Finanzierung und Ansparen

Da war ich naiv, denn das mit dem Ansparen eines Sabbaticals hab ich nicht kapiert. Da geht es nicht um Zeit, sondern um Geld. Normal ist, man erhält drei Jahre nur 75% seines Gehalts, und dann im vierten Jahr, also dem Sabbatical, weiterhin mit dem „Angesparten“ auch 75% zu erhalten. Ich hatte aber keine drei Jahre, daher haben wir das alles auf 12 Monate verkürzt, und ich muss mit 50% auskommen.

Mein Budget sind ungefähr 120 Euro pro Tag mit allem. Das bedeutet Flug, Mietwagen, Hotel, Essen und Events. Die KI sagt, man kann das dritteln, also Alltag und Wohnen sind 30-40%, Transport sind 30%, und noch einmal Events z. B. Nationalpark, Museen, Massagen usw. plus Notfälle.

Specials sind bei mir noch KI, SIM und natürlich Versicherung.

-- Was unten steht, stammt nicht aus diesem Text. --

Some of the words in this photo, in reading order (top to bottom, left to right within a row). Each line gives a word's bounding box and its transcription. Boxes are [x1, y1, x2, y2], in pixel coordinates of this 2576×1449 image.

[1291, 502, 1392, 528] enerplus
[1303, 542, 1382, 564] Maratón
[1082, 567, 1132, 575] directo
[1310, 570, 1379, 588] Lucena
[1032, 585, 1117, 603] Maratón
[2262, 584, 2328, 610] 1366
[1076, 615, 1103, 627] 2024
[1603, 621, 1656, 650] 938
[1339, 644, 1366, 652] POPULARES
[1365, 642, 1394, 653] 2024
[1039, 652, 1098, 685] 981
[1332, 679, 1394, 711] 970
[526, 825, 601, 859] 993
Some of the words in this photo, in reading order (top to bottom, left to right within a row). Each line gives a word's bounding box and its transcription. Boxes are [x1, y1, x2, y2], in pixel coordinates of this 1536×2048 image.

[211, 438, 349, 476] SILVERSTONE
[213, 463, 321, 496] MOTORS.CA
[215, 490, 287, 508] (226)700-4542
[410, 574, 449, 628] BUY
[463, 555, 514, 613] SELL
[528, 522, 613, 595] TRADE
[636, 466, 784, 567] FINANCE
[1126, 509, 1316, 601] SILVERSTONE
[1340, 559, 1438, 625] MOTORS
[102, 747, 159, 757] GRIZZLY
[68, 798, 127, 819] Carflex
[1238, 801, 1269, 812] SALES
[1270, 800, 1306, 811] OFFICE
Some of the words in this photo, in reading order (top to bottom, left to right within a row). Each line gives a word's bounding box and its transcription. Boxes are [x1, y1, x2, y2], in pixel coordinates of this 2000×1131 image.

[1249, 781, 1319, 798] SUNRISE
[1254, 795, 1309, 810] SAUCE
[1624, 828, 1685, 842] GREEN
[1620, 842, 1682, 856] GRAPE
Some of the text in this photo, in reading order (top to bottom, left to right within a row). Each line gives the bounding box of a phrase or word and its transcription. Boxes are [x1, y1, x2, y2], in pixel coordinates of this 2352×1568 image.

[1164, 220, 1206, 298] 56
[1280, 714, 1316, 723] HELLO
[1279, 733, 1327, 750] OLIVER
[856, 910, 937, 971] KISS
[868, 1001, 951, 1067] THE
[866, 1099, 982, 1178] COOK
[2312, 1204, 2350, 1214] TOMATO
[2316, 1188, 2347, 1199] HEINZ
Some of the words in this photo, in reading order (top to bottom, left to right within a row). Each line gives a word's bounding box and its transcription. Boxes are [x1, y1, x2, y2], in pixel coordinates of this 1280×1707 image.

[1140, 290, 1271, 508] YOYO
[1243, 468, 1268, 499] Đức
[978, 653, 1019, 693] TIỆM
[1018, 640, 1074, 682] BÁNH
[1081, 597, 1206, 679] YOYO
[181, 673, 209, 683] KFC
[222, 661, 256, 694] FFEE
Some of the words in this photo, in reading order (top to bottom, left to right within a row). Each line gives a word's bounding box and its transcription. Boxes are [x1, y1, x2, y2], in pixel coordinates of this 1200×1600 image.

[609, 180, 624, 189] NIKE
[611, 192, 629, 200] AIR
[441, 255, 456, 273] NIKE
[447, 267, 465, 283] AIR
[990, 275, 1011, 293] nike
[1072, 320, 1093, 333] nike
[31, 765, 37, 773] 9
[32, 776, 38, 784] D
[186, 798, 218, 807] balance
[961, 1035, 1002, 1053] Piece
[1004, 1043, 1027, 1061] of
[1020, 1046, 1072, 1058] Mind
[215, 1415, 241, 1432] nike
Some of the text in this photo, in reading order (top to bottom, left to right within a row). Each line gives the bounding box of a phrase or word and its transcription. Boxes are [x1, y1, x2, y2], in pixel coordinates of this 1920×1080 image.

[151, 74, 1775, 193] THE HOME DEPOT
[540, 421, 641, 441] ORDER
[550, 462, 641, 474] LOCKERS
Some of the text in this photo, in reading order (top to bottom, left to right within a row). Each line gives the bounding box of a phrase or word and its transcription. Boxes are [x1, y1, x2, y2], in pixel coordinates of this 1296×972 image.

Dokumentation einer Weltreise

Das ist der größte Brocken. Wie will man diese Erlebnisse verarbeiten? Tagebuch schreiben? Und wenn ja, analog oder digital? Will man sich mitteilen über Homepage, Social Networks, und was ist mit Fotos, Videos und Eintrittskarten?

Ich hab noch kein richtiges Konzept erarbeitet. Bisher arbeite ich spontan mit privatem Tagebuch mit Laptop und STT (Speech to Text) Konzept. Dazu mach ich jeden Tag ein Videotagebuch für Instagram und bald auch YouTube Shorts. Falls ihr mir folgen wollt, ist Instagram gerade die beste Idee. Das wird aber auch alles auf Facebook kopiert. Ich hab ’ne Actioncam dabei mit der alten Insta360 X2, und ich denke übern Podcast mit Deepdives nach. Das ist eigentlich zu viel, aber ich will auch etwas arbeiten und mir diese Storytelling-Kompetenzen aneignen. Sabbatical ist nicht Urlaub, aber jeder hat da ein anderes Konzept.

Flexibilität

Ich schreibe diesen Text in Jeddah nach den ersten 12 Tagen Saudi-Arabien. Inzwischen ist Krieg im Iran, und ich muss die Reise vielleicht anpassen. Ich bin am 19. Februar gestartet mit einem Flug, einem Visum und drei Tage Hotel. Ich plane nie weiter als sieben Tage und lebe spontan in den Tag hinein. Das ist manchmal anstrengend, aber oft auch sehr einfach. Die nächsten Stationen sollen Oman, Nepal und Indien sein, aber vielleicht kommt es auch ganz anders. Ich wollte eigentlich auch nach Mekka und nicht nach Hegra. Bereut hab ich es nicht.